June 2, 2022 – Anorexia nervosa, bulimia nervosa, binge eating disorder, and avoidant or restrictive food intake disorder are life-threatening psychiatric disorders that are generally difficult to treat. The lifetime prevalence of eating disorders such as anorexia nervosa and binge-eating disorder is 8.4 percent for women and 2.2 percent for men around the world. These data reflect diagnostic criteria based on clinical presentation in women and, therefore, most likely underestimate the prevalence in men. Women experience societal pressures that encourage and reward them for being thin; in contrast, men are encouraged to become large and muscular. 

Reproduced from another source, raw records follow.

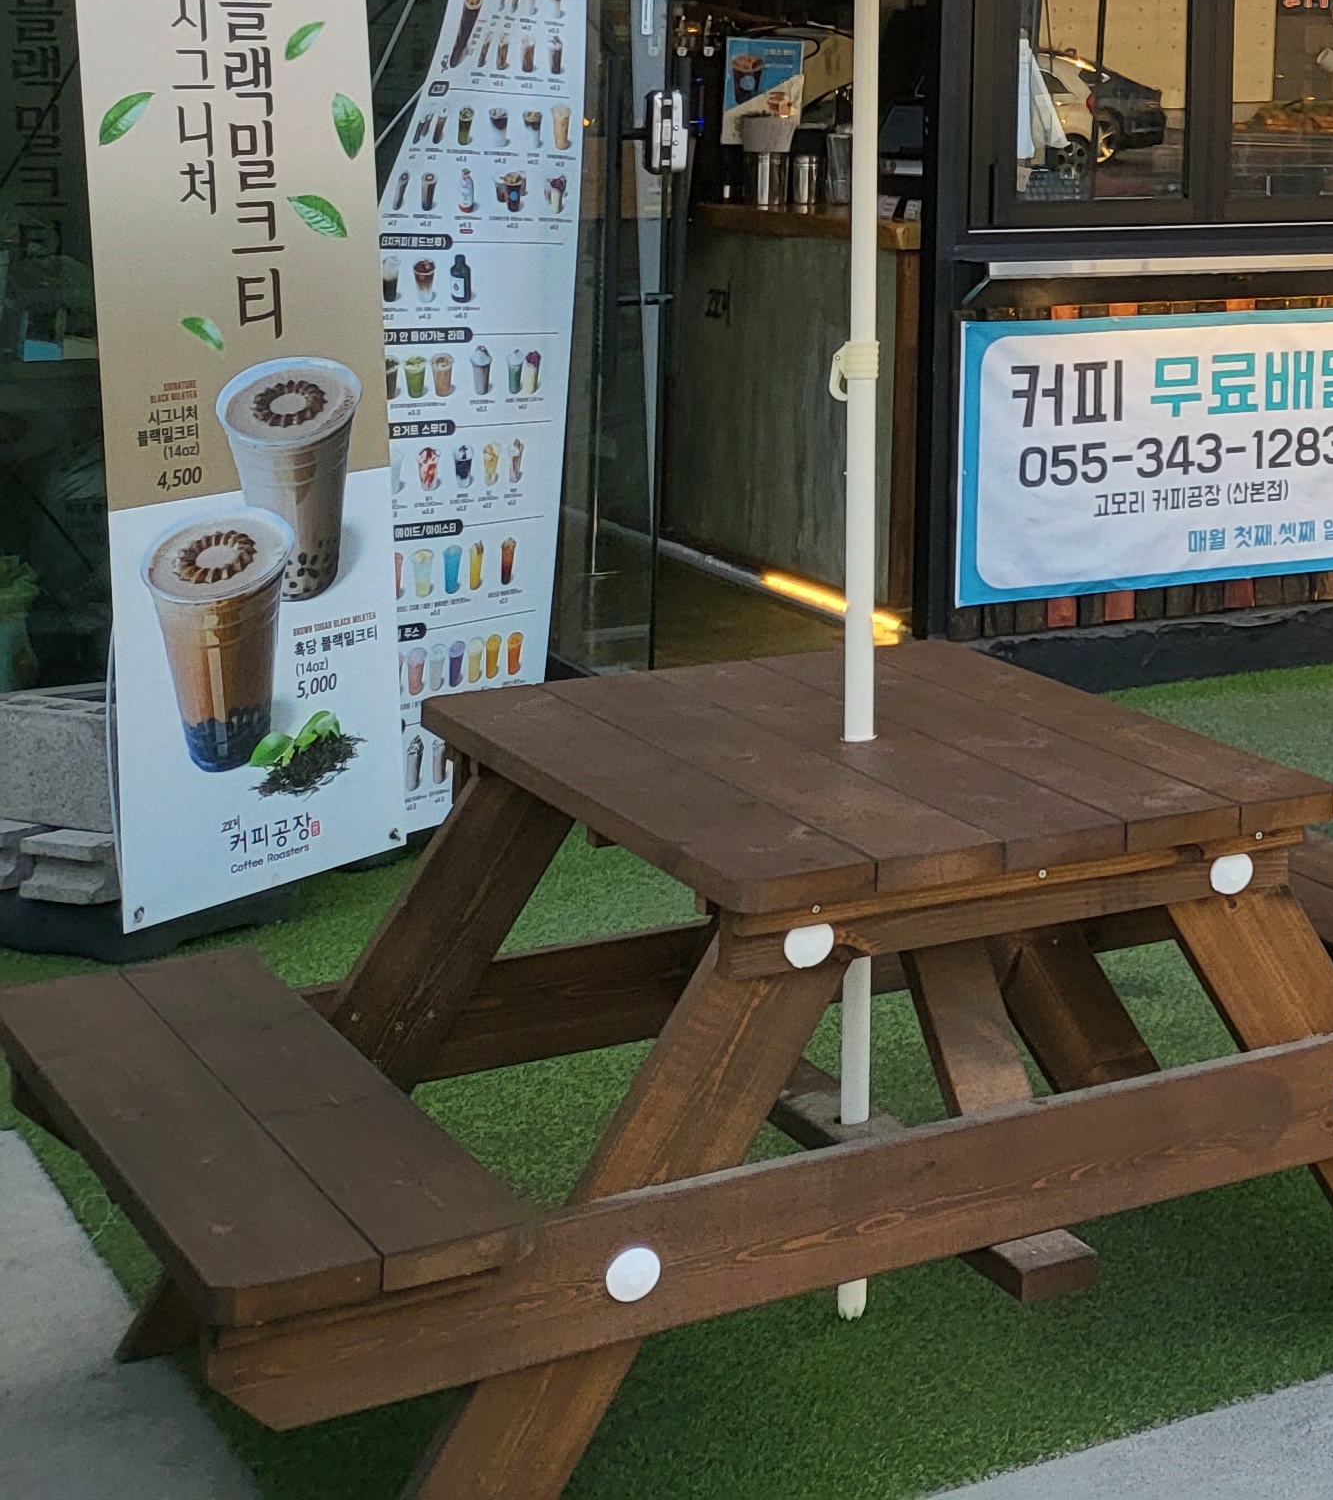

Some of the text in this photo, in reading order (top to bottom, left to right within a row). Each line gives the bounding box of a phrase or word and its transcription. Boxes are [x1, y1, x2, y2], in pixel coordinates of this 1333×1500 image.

[1010, 359, 1124, 428] 커피
[147, 404, 199, 426] 시그니처
[137, 422, 200, 448] 블랙밀크티
[393, 422, 448, 437] 요거트 스무디
[163, 442, 201, 461] (14oz)
[156, 465, 203, 490] 4,500
[1094, 479, 1290, 517] 고모리 커피공장 (산본점)
[1187, 527, 1226, 554] 매월
[294, 625, 378, 657] 흑당 블랙밀크티
[404, 627, 420, 639] 주스
[296, 656, 329, 678] (14oz)
[296, 672, 338, 700] 5,000
[229, 811, 312, 854] 커피공장
[231, 843, 310, 874] Coffee Roasters

These pressures often lead women to engage in purging after meals and excessive use of laxatives and diuretics to lose water weight. Women are exposed to higher rates of bullying, shame, and pressure to be thin. Men are more likely to exercise excessively and consume excessive amounts of dietary protein supplements that can damage the kidneys. Men often report being hesitant to seek help for their addiction to exercise or their pursuit of a perfect physique. For these reasons, eating disorders have a long history of being female disorders. The unique genetic risks for females:

Studies have identified some genetic risk factors across sexes. For example, female relatives of men with anorexia nervosa have an increased risk of developing the same eating disorder. Twin studies, including same- and opposite-sex twins, report that about 50 percent of the genetic risk for eating disorders was shared. Most interesting, the females of male-female twin sets had a consistently higher genetic risk than the males of developing an eating disorder. Hormonal maturation is important given that the risk for females in these studies was undetectable until after puberty. In addition, having anorexia nervosa and carrying a large percentage of body fat are more genetically correlated in females than in males.